* **Task description**
Nothing but the pictures may be left out. Restate the rest of the entries word for word.

* **Text-to-region grounding data**
----
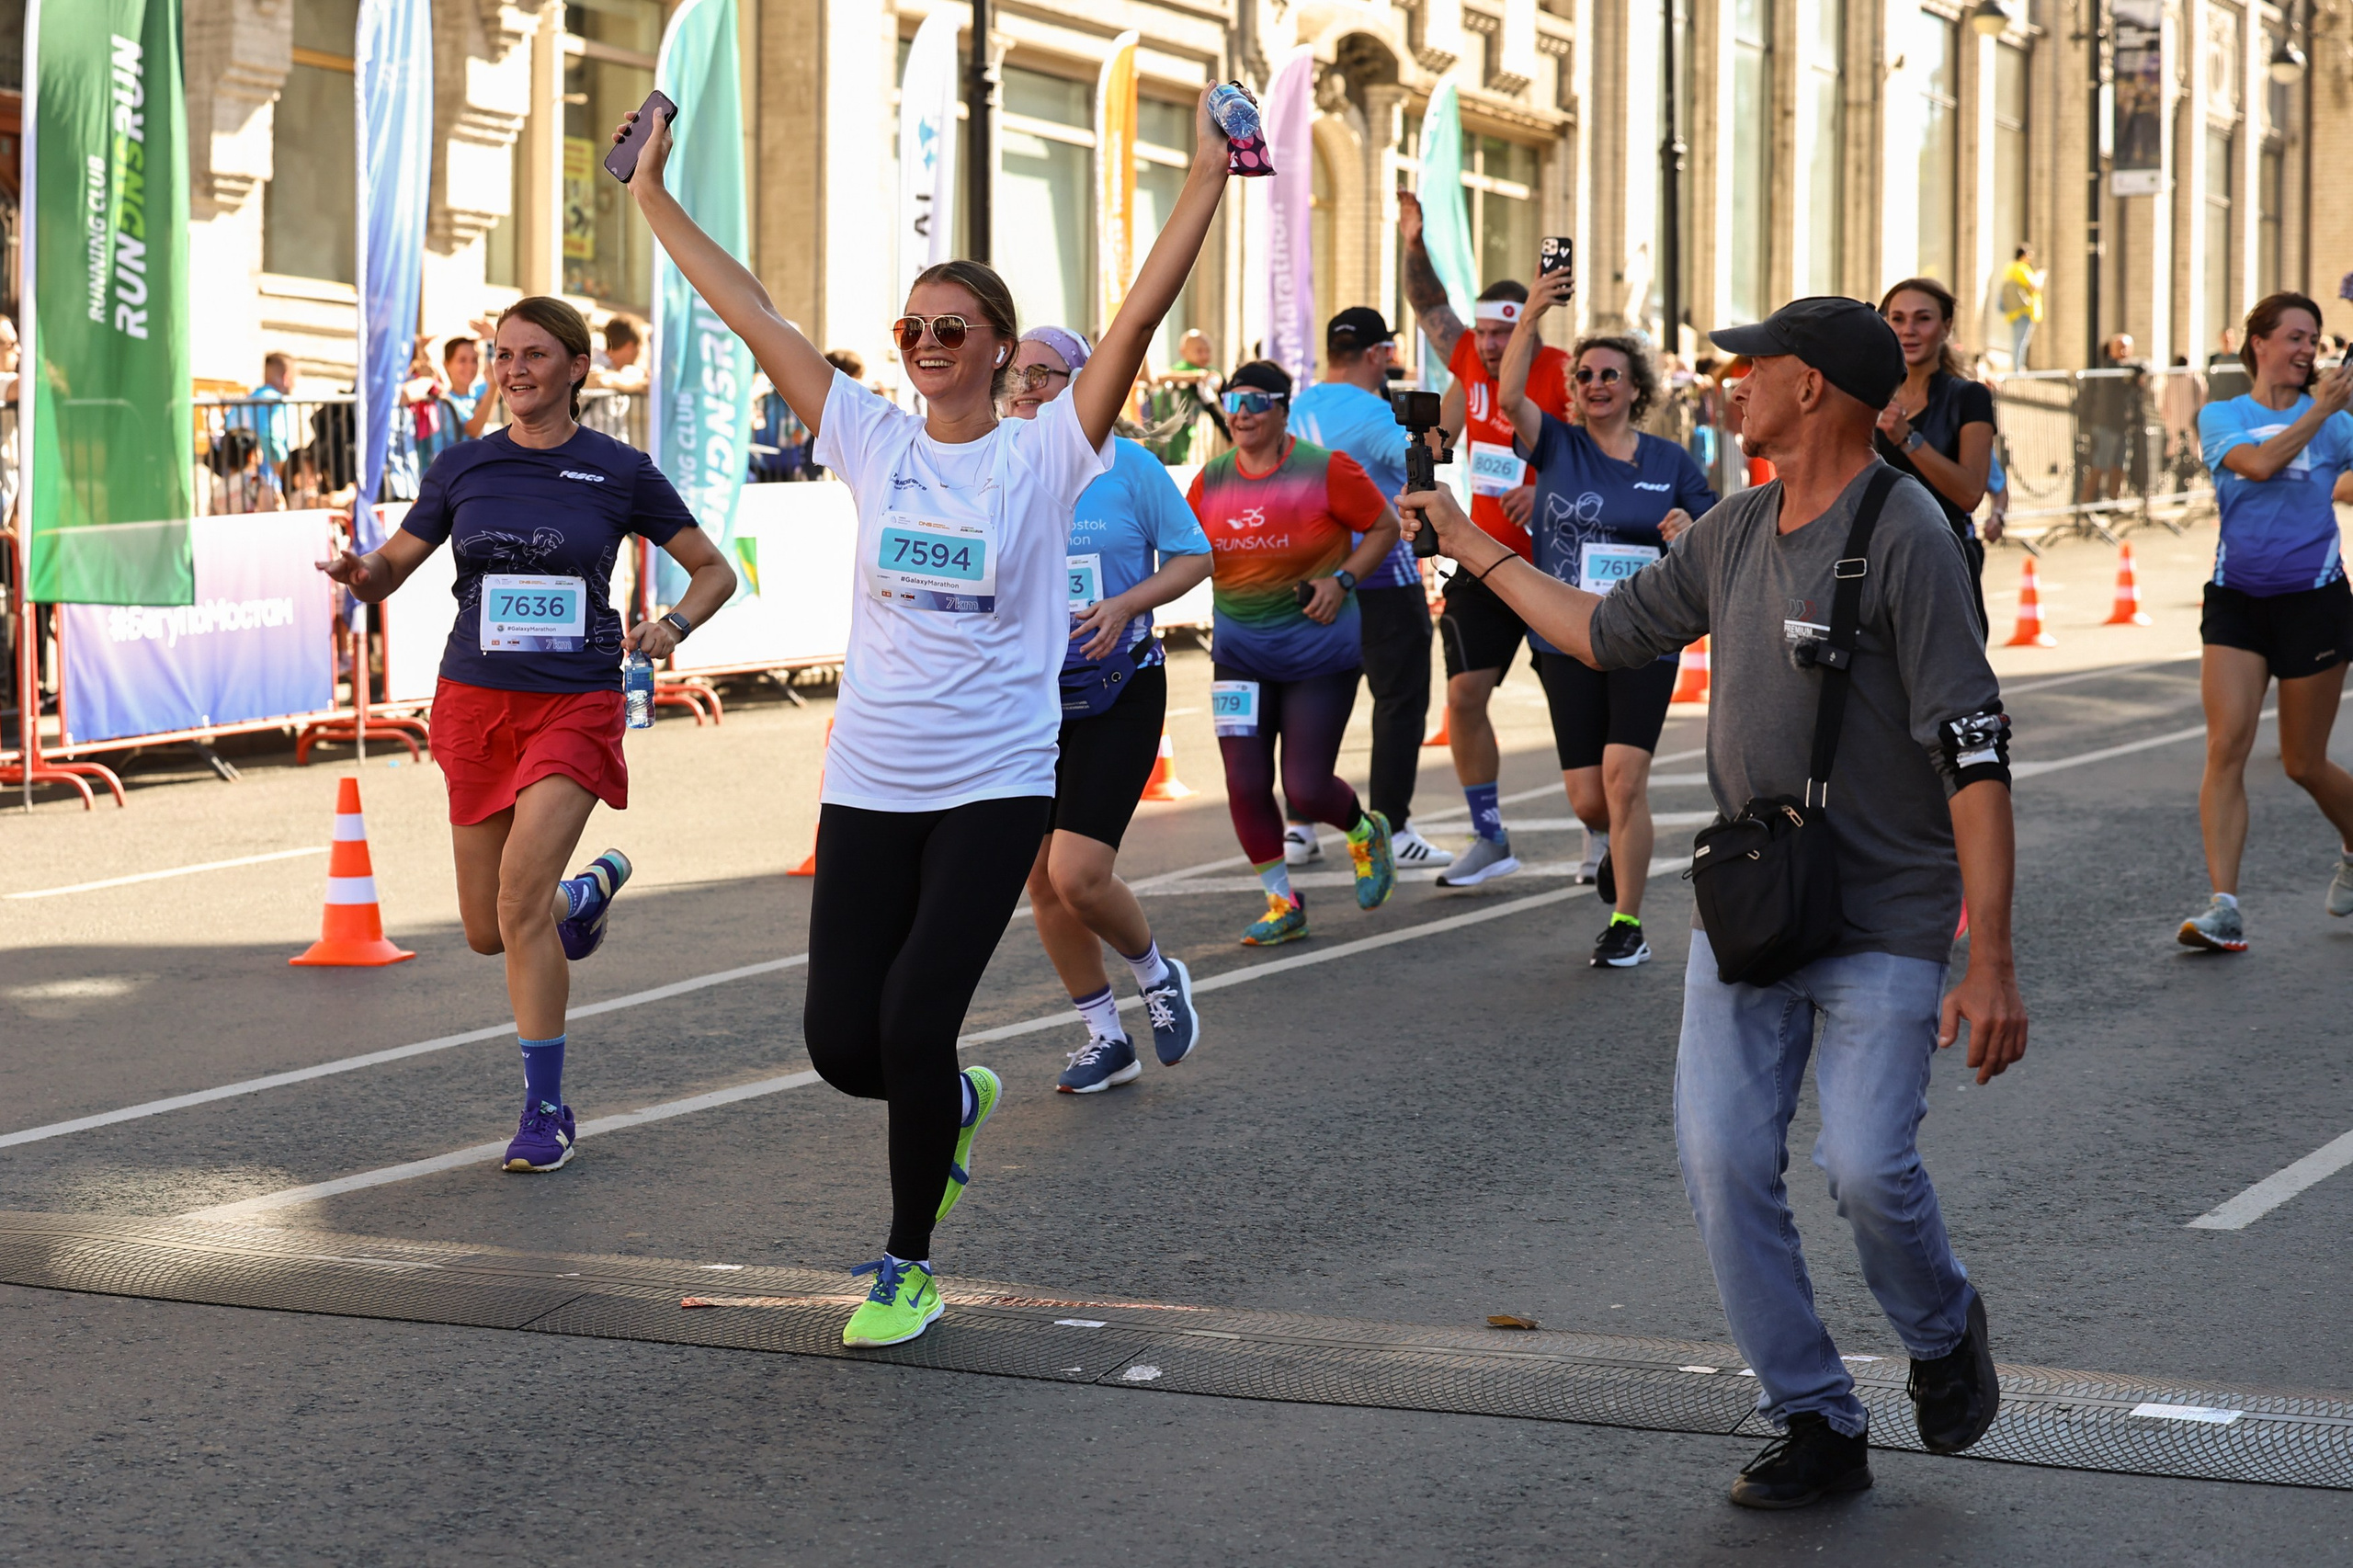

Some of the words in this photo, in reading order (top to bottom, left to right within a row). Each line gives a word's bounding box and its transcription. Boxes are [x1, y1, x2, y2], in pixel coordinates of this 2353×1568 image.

[87, 154, 107, 213] CLUB
[88, 214, 107, 324] RUNNING
[676, 392, 698, 452] CLUB
[1475, 457, 1512, 476] 8026
[559, 470, 605, 483] FESCO
[893, 537, 972, 572] 7594
[1600, 559, 1644, 576] 7617
[901, 575, 960, 589] #GalaxyMarathon
[1070, 574, 1085, 594] 3
[500, 596, 565, 618] 7636
[506, 626, 557, 637] #GalaxyMarathon
[1783, 624, 1813, 637] PREMIUM
[1212, 696, 1241, 711] 179
----
* **Response area**
Some of the words in this photo, in reading order (top to bottom, left to right within a row). Each line gives a word's bounding box and its transcription. Boxes are [x1, y1, x2, y2], in pixel coordinates of this 2353×1568 image.

[87, 154, 107, 213] CLUB
[88, 214, 107, 324] RUNNING
[676, 392, 698, 452] CLUB
[1475, 457, 1512, 476] 8026
[559, 470, 605, 483] FESCO
[893, 537, 972, 572] 7594
[1600, 559, 1644, 576] 7617
[901, 575, 960, 589] #GalaxyMarathon
[1070, 574, 1085, 594] 3
[500, 596, 565, 618] 7636
[506, 626, 557, 637] #GalaxyMarathon
[1783, 624, 1813, 637] PREMIUM
[1212, 696, 1241, 711] 179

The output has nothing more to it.